Submit to autograder

In [None]:
grader.grade(test_case_id = 'test_case_mult', answer = (a, b, mult_loop, loop_time, mult_np, np_time))

Question 3: Outer Product: Compute the outer product of two vectors (outer product of (100,1) with (1,100) vectors should be (100,100) matrix)

In [None]:
#Initialize two vectors of size (100, 1) and (1, 100) using numpy (make sure dimensions match)
#Calculate the outer product between them

a =             # Initialize (100, 1) vector here
b =             # Initialize (1, 100) vector here

outer =         # Compute outer product here

print(outer)

Submit to Autograder

In [None]:
grader.grade(test_case_id = 'test_case_outer', answer = (a, b, outer))

Correct! You earned 2.0/2.0 points. You are a star!

Your submission has been successfully recorded in the gradebook.


Question 4: Elementwise multiplication: Compute the elementwise product of two (1,10000) vectors iteratively and using vectorization

In [None]:
#Initialize two vectors of size (1, 10000)
#Compute the elementwise product of both iteratively and through vectorization


a =         # Initialize (1, 10000) vector here
b =         # Initialize (1, 10000) vector here


eltwise_loop = []

start_time = timeit.default_timer()

# Loop code here




# End loop code here

# Do not modify below this
loop_time = timeit.default_timer() - start_time
eltwise_loop = np.array(eltwise_loop)

print(eltwise_loop)


[[0.04293528 0.44177341 0.17401767 ... 0.08308864 0.70962016 0.19133979]]


In [None]:
start_time = timeit.default_timer()
eltwise_np =            # Compute element-wise product of a, b using a np function
np_time = timeit.default_timer() - start_time

print(eltwise_np)

[[0.04293528 0.44177341 0.17401767 ... 0.08308864 0.70962016 0.19133979]]


In [None]:
grader.grade(test_case_id = 'test_case_eltwise', answer = (a, b, eltwise_loop, loop_time, eltwise_np, np_time))

Correct! You earned 2.0/2.0 points.

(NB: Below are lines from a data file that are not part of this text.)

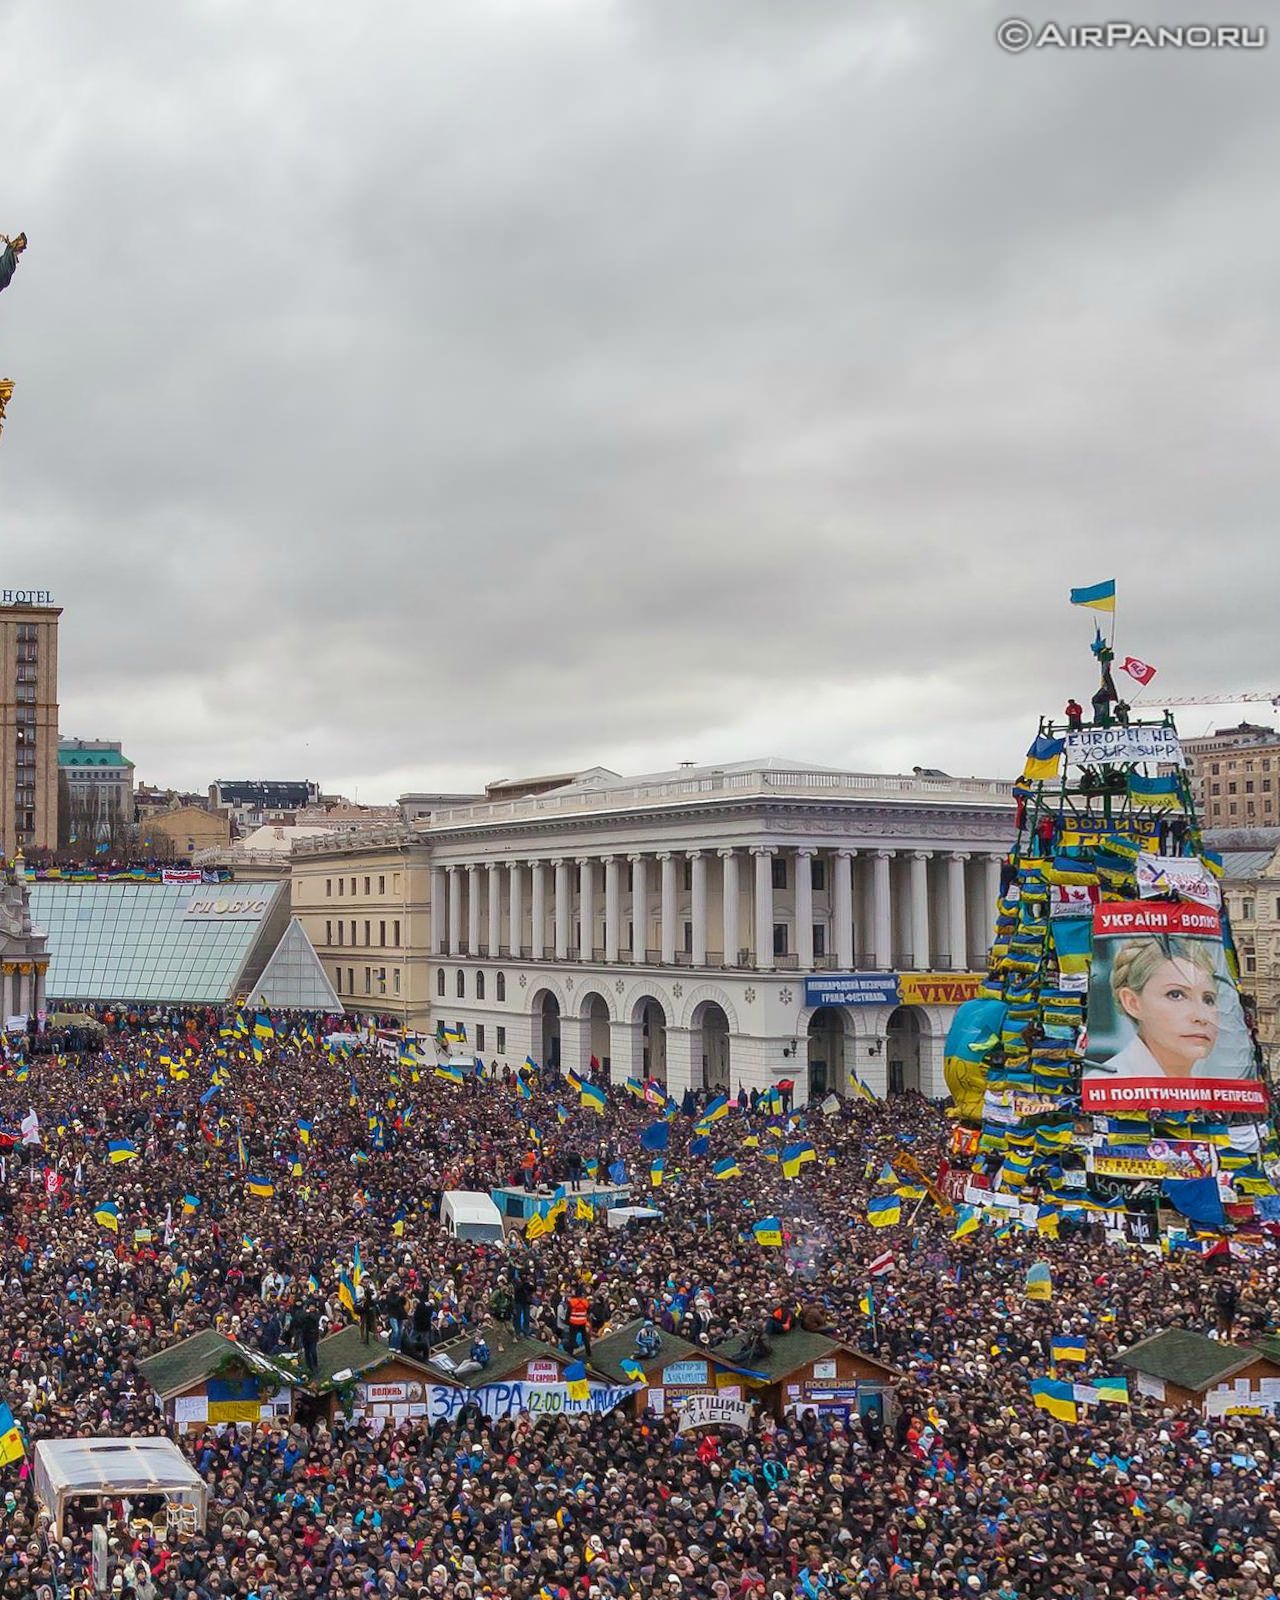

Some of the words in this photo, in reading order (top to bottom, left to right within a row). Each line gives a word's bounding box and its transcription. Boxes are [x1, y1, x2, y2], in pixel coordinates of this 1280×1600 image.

[2, 590, 54, 603] HOTEL
[1101, 911, 1168, 928] УКРАЇНІ
[1089, 1088, 1106, 1101] НІ
[1110, 1087, 1212, 1101] ПОЛІТИЧНИМ
[527, 1390, 561, 1413] 12:00

You are a star!

Your submission has been successfully recorded in the gradebook.


Question 5: Generate a (100,100) matrix where each element is a value of sin(x) on the domain of [0,pi]

In [None]:
#Generate a (100,100) matrix called data whose values are sin(x) on x -> [0,pi]
# That is, data is a 100 x 100 matrix such that the ij-th element is sin(x) with x 
# sampled uniformly on [0, pi]



In [None]:
grader.grade(test_case_id = 'test_case_sin', answer = data)

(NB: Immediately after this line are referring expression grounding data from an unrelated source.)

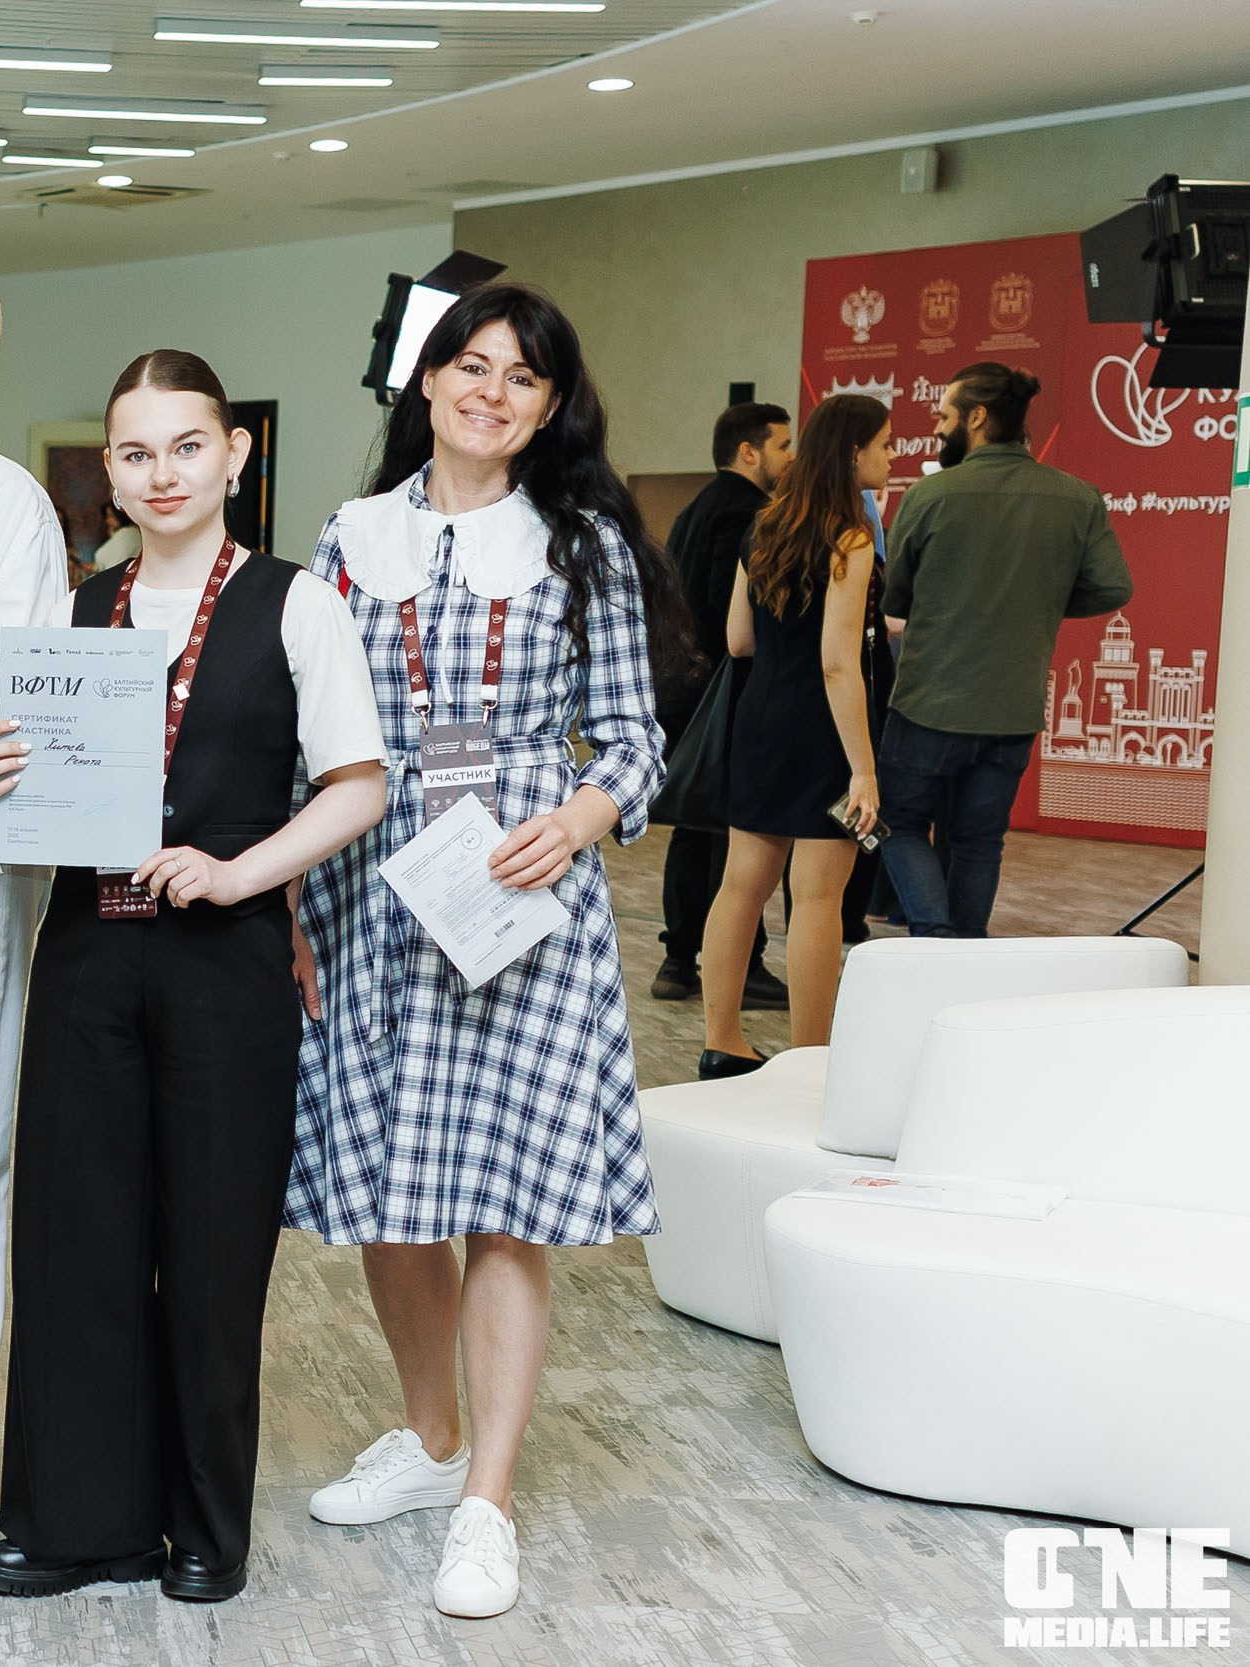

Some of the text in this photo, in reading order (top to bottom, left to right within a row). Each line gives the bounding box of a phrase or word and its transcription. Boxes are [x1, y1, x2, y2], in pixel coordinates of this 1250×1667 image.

[9, 675, 86, 697] ВФТМ
[11, 714, 79, 724] СЕРТИФИКАТ
[16, 727, 72, 736] ЧАСТНИКА
[428, 769, 492, 783] УЧАСТНИК
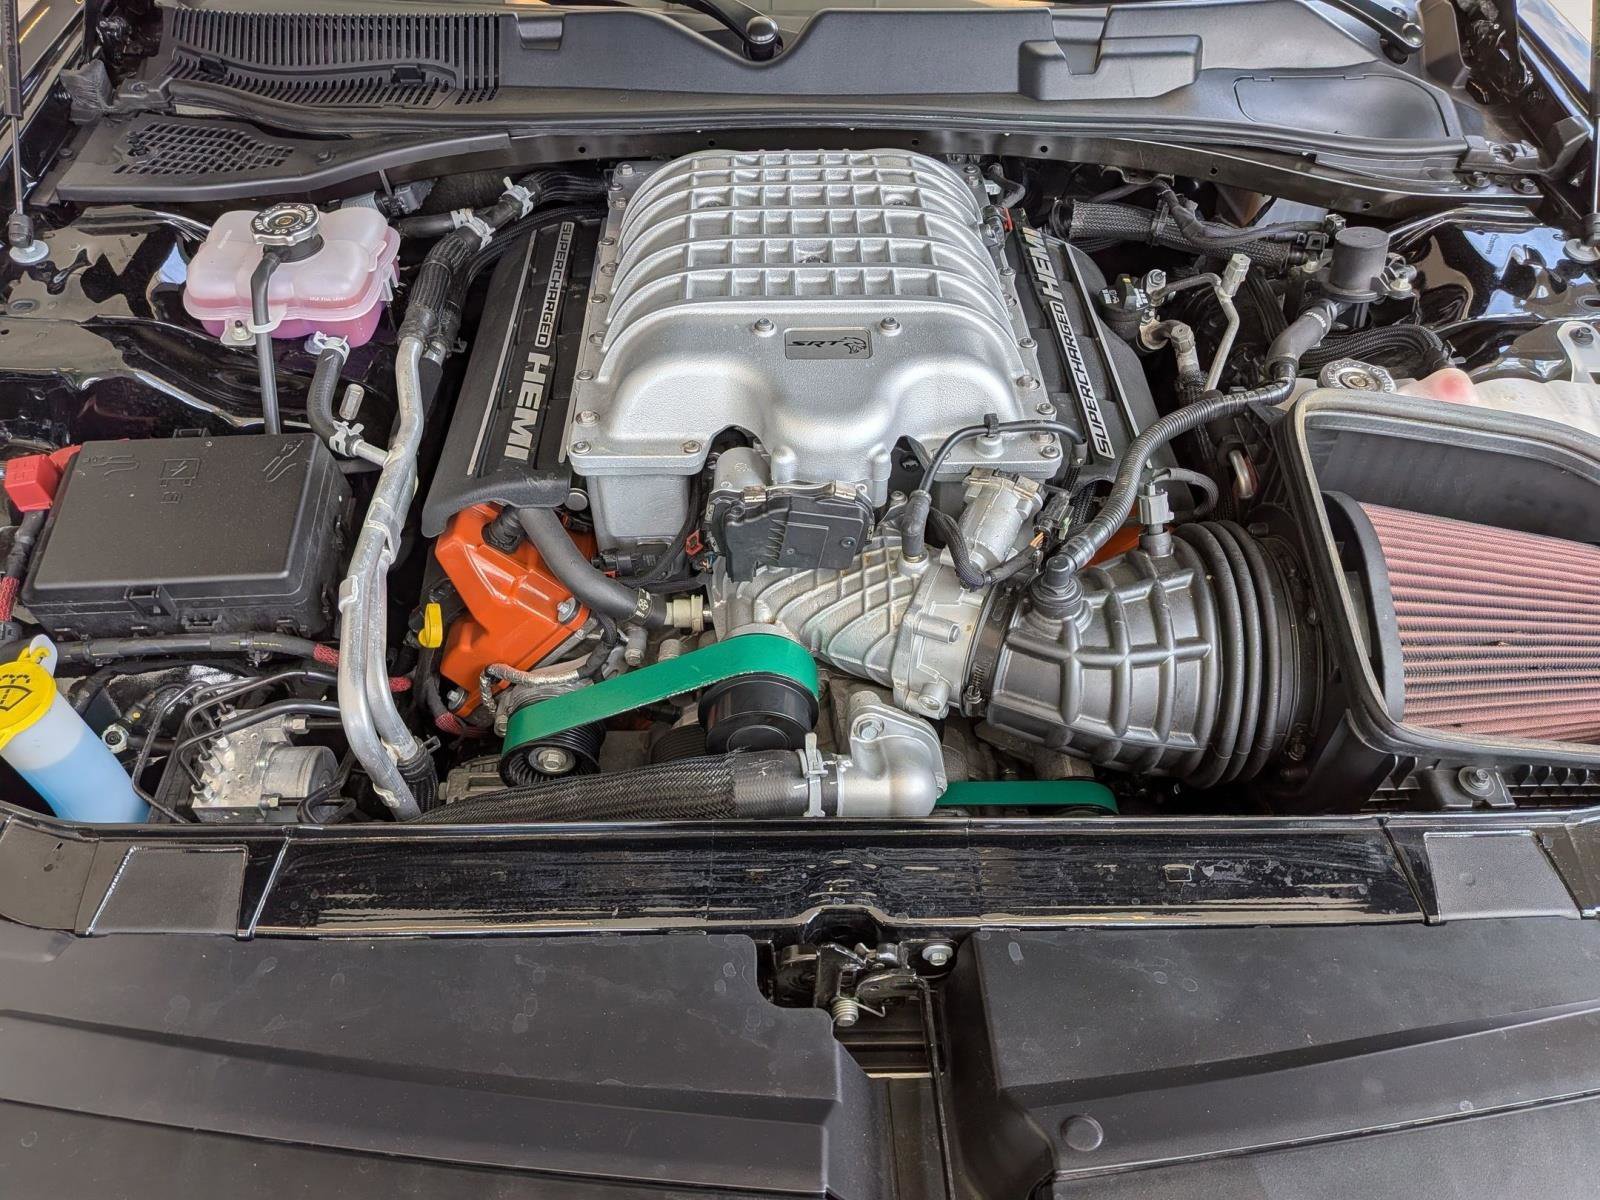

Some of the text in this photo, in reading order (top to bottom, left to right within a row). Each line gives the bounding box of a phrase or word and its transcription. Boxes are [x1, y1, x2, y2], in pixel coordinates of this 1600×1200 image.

[1022, 227, 1063, 300] HEMI
[503, 222, 573, 461] SUPERCHARGED HEMI
[1051, 302, 1113, 456] SUPERCHARGED

Correct! You earned 2.0/2.0 points. You are a star!

Your submission has been successfully recorded in the gradebook.


## **Summary**

- Before writing a loop, consider if the operation can be *vectorized*
- Vectorization is the application of an operation over an entire array, instead of element by element
- Results in more concise code, and many vectorized implementations of functions are optimized

Super! You have finished this worksheet. If you want to learn other powerful NumPy methods, I strongly encourage you to learn [NumPy Tutorial](https://github.com/ageron/handson-ml/blob/master/tools_numpy.ipynb). And you could practice vectorization by completing array_practice.ipynb.

## **Submitting to the Autograder**

Now go to the File menu and choose "Download .ipynb".  Go to [Gradescope](https://www.gradescope.com/courses/409970) and:

1. From "File" --> Download both .ipynb and .py files
1. Name these files `Vectorization_WS.ipynb` and `Vectorization_WS.py` respectively
1. Sign in using your Penn email address (if you are a SEAS student we recommend using the Google login) and ensure  your class is "CIS 5200"
1. Select **Worksheet: Vectorization**
1. Upload both files
1. PLEASE CHECK THE AUTOGRADER OUTPUT TO ENSURE YOUR SUBMISSION IS PROCESSED CORRECTLY!

You should be set! Note that this assignment has 10 autograded points that will show up upon submission. Points are awarded based on a combination of correctness and sufficient effort.